Part of the key for any policy initiative coming out of a bureaucracy like the federal government is that there have to be stakeholders, there have to be people in communities across the country willing and able to hold the bureaucrats accountable. At this summit, you're going to see the people who have committed themselves to doing that. They're coming from Boston, from San Francisco, Nebraska, Atlanta, all over. You're talking about people who have committed themselves to holding the new administration accountable for making sure that eliminating health disparities is not rhetoric but is real.

What tangible progress do you expect to see, say, in the next decade? Will more African-Americans be enrolled in Pitt research studies and hired as Pitt faculty members? Will infant mortality rates among blacks be lower?

I would say yes to all of those things.

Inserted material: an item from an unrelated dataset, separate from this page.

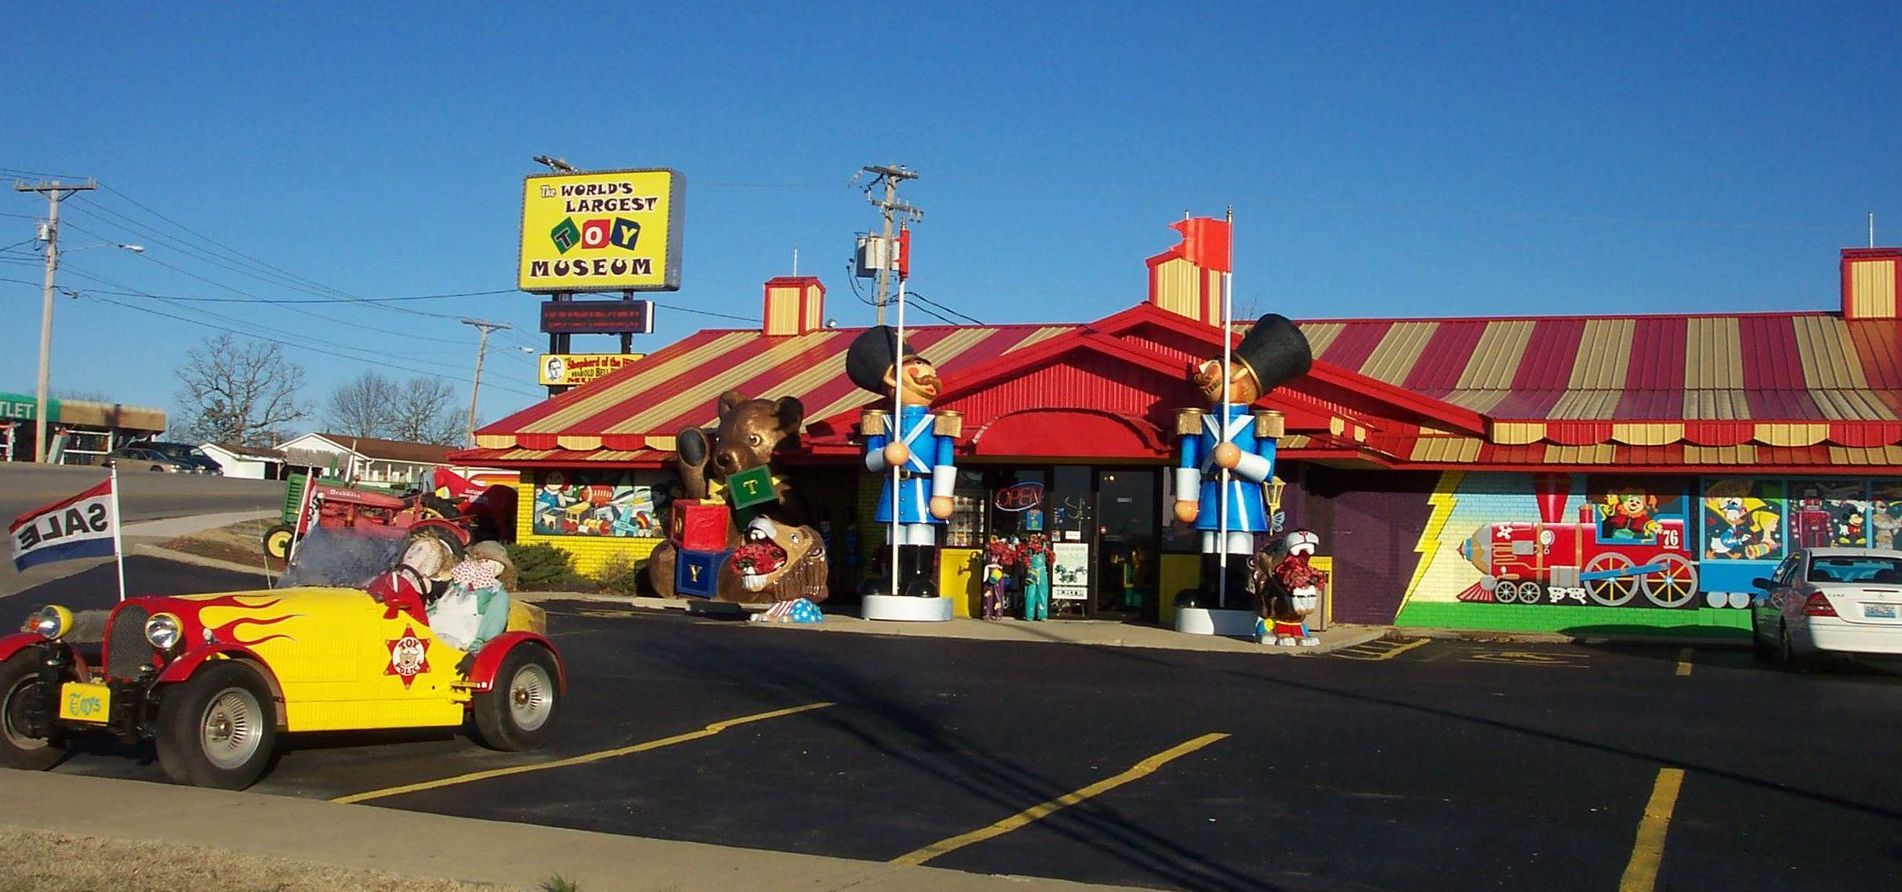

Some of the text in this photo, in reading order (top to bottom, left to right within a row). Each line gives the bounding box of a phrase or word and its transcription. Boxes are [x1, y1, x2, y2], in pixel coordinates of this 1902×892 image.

It's already happening. When I arrived in Pittsburgh last August, there were front page newspaper stories about the Healthy Start Initiative, focused on improving infant mortality rates, particularly among African-Americans in Allegheny County. It's been quite successful.

Let's talk about the recruitment of black faculty. This school was established in 1948, and I was the first African-American tenured professor in the history of this school. Now, this week's summit will bring a diverse constellation of minority folks to the University of Pittsburgh. You want to talk about, "We can't find qualified people"? They're going to be right here on campus. And this is just the beginning. We have a summit web site that will help to maintain the conversation and relationships that we'll build. Hopefully, minority and women faculty and potential faculty will come to this summit and realize, even in the winter: Hey, the University of Pittsburgh is an exciting place, where you can come and grow.

Last month, Dr. Arthur Levine [Pitt senior vice chancellor for Health Sciences] announced the recruitment of a new chairman of the Department of Family Medicine, and it happens to be a female African-American physician, Dr. Jeanette South-Paul. So there's another first. I think this change is directly related to the leadership here at the University. Dr. Levine has been here for two years, and he's a real supporter of what we're doing in the Center for Minority Health. Chancellor Nordenberg has just established the Chancellor's Advisory Group on Diversity, of which I'm a member. I would say to you that there is leadership at the top of this institution that suggests we're turning a corner here.

Here's another example of the progress that's being made: Our center has just entered into a partnership with the Epidemiology Data Center that's run by Dr. Katherine Detre, which is a premiere research engine here at the University. She and I have begun collaborating with the Gateway Medical Society, which is the organization of black physicians in Allegheny County. It's easy to forget that there was a time when blacks could not be members of the American Medical Association or its local counterpart, so black doctors had to form their own groups. At the national level, it's called the National Medical Association; locally, it's the Gateway Medical Society. This society previously had no formal relationship with the University of Pittsburgh. Through this new partnership, we will provide black physicians with access to the computer backbone of the University. They will be able to harvest the medical literature in our Health Sciences Library. In our visits to some of these [African-American] physicians, we found that they were just not plugged in. And it's one thing to be plugged in, and another to know how to find the information you need, so part of this project will involve continuing medical education training on how to utilize the Internet for health information.

The Jewish Healthcare Foundation recently released a report on computer use and technology in Allegheny County, and one of their findings was that computers were being underutilized in the black community. We see that digital divide as being serious, and our first effort to close the gap and build relationships with black physicians is through this Internet project. Once that bridge is put in place, we will be able to find out what their needs and concerns are, what their research issues are.